In the last blog, we looked at how the doctor-patient relationship is often built upon an arbitrary hierarchy where the doctor assumes a position of power and the patient one of submission. In Natural Causes: An Epidemic of Wellness, the Certainty of Dying, and Killing Ourselves to Live Longer, Barbara Ehrenreich further articulates this power dynamic in anthropologic terms: as a ritual that has evolved over time to heighten the magical powers of the doctor, but which may have outlived its utility.
In thinking about models of care, we can ask: What is the therapeutic goal of the clinical encounter? Or, in plain English, why do people go to the doctor? In the traditional biomedical model, the answer is to cure disease and treat symptoms—a disease-centered approach to care. As this has been the dominant model of clinical care in medicine for the past century, it is telling that the word clinical is also used to mean “efficient and emotionally detached.” The master clinician in this model has a singular focus to see through people to root out disease.

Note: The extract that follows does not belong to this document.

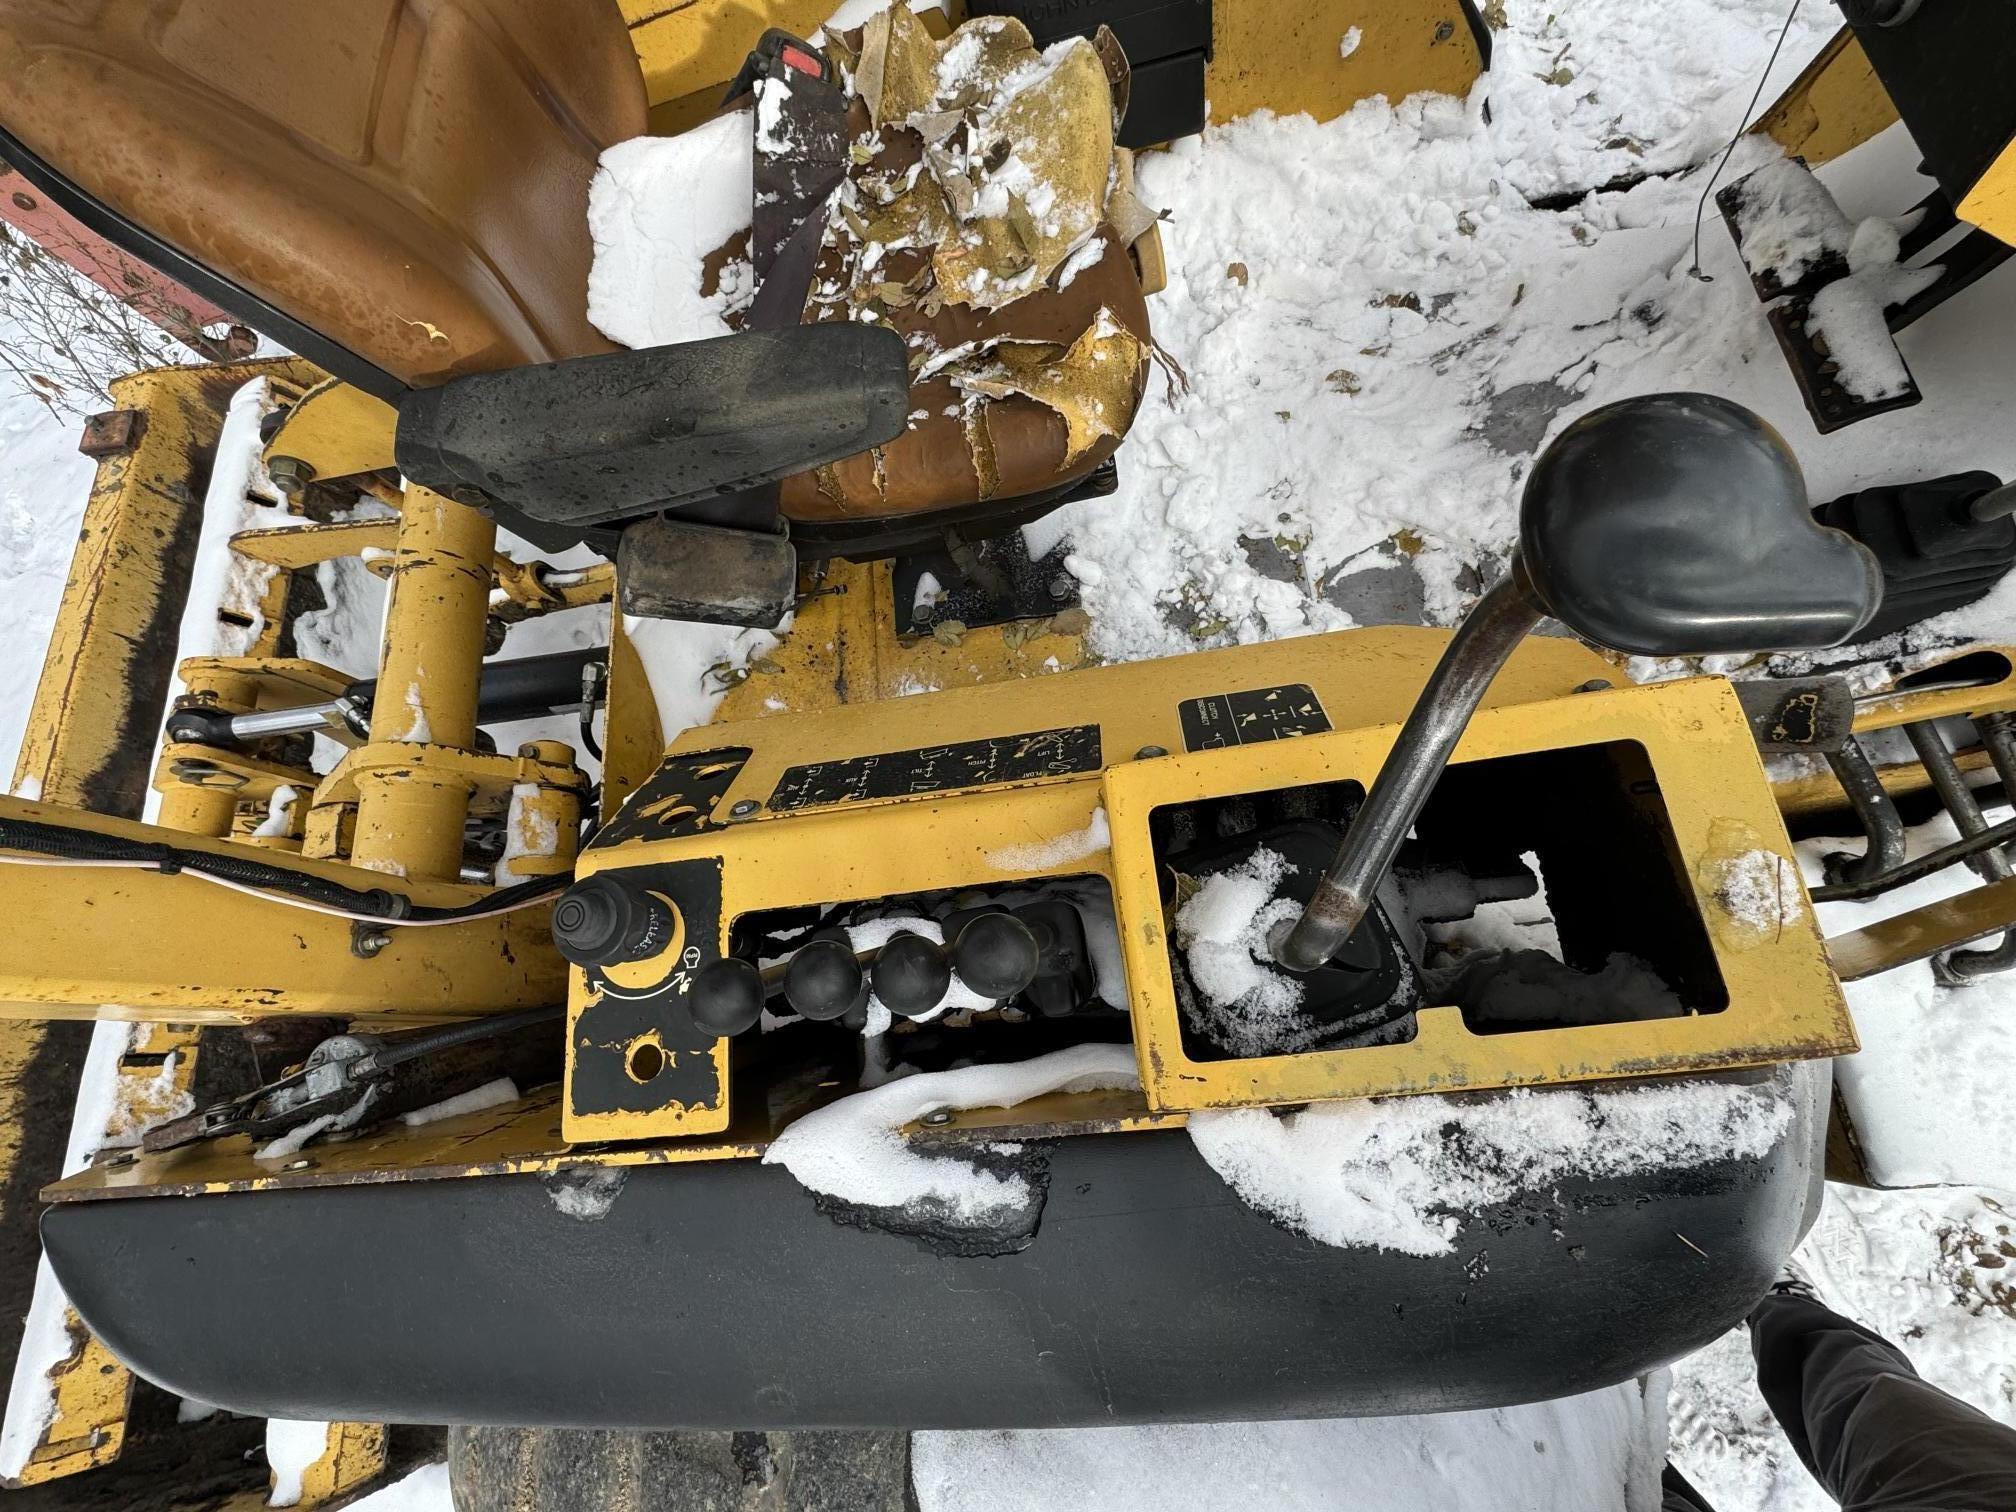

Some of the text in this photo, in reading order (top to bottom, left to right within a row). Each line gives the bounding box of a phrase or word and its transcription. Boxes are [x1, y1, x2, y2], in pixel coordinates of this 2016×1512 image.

[1197, 699, 1210, 726] DISCONNECT
[1208, 702, 1219, 720] CLUTCH
[1022, 770, 1043, 779] FLOAT

In patient-centered care, the goal is to support the patient (literally one who suffers), a person defined by their illness. Stemming from a biopsychosocial model,1 the clinician now acknowledges that the system of ailing cells sitting in front of them is not simply an organism, but a person with subjective perspectives living in a social context. The goals of medicine now shift from cure to care, and particularly to understanding and alleviating suffering.2
In person-centered care, the clinician doesn’t define the person in front of them by their illness or constrain their humanity through the role of patient, but rather intentionally acknowledges them as a whole, complete and competent person. The goals of medicine are now able to be much broader and defined by the person living with illness but may move beyond the relief of suffering towards personal growth, spiritual growth, joy, and meaning.
Before getting too righteous, it’s worth pointing out that these models of care are complementary, like different tools in a toolbox. For example, most people who get a bacterial pneumonia and go to the doctor want and expect their disease to be cured by antibiotics and would probably not appreciate a lengthy discussion of their life before the pneumonia and what’s most important to them moving forward. However, if a doctor only has a hammer (or a prescription pad, or a surgeon’s knife), then everything becomes a nail. Opportunities to alleviate suffering that go beyond disease, and opportunities to promote aspects of life that transcend the removal of suffering, are not simply missed, they are completely invisible because intention determines perception.
1. Engel GL. The need for a new medical model: a challenge for biomedicine. Science. 1977;196(4286):129-136.
2. Cassell EJ. The Nature of Suffering and the Goals of Medicine. 2nd ed. New York, NY: Oxford University Press; 2004.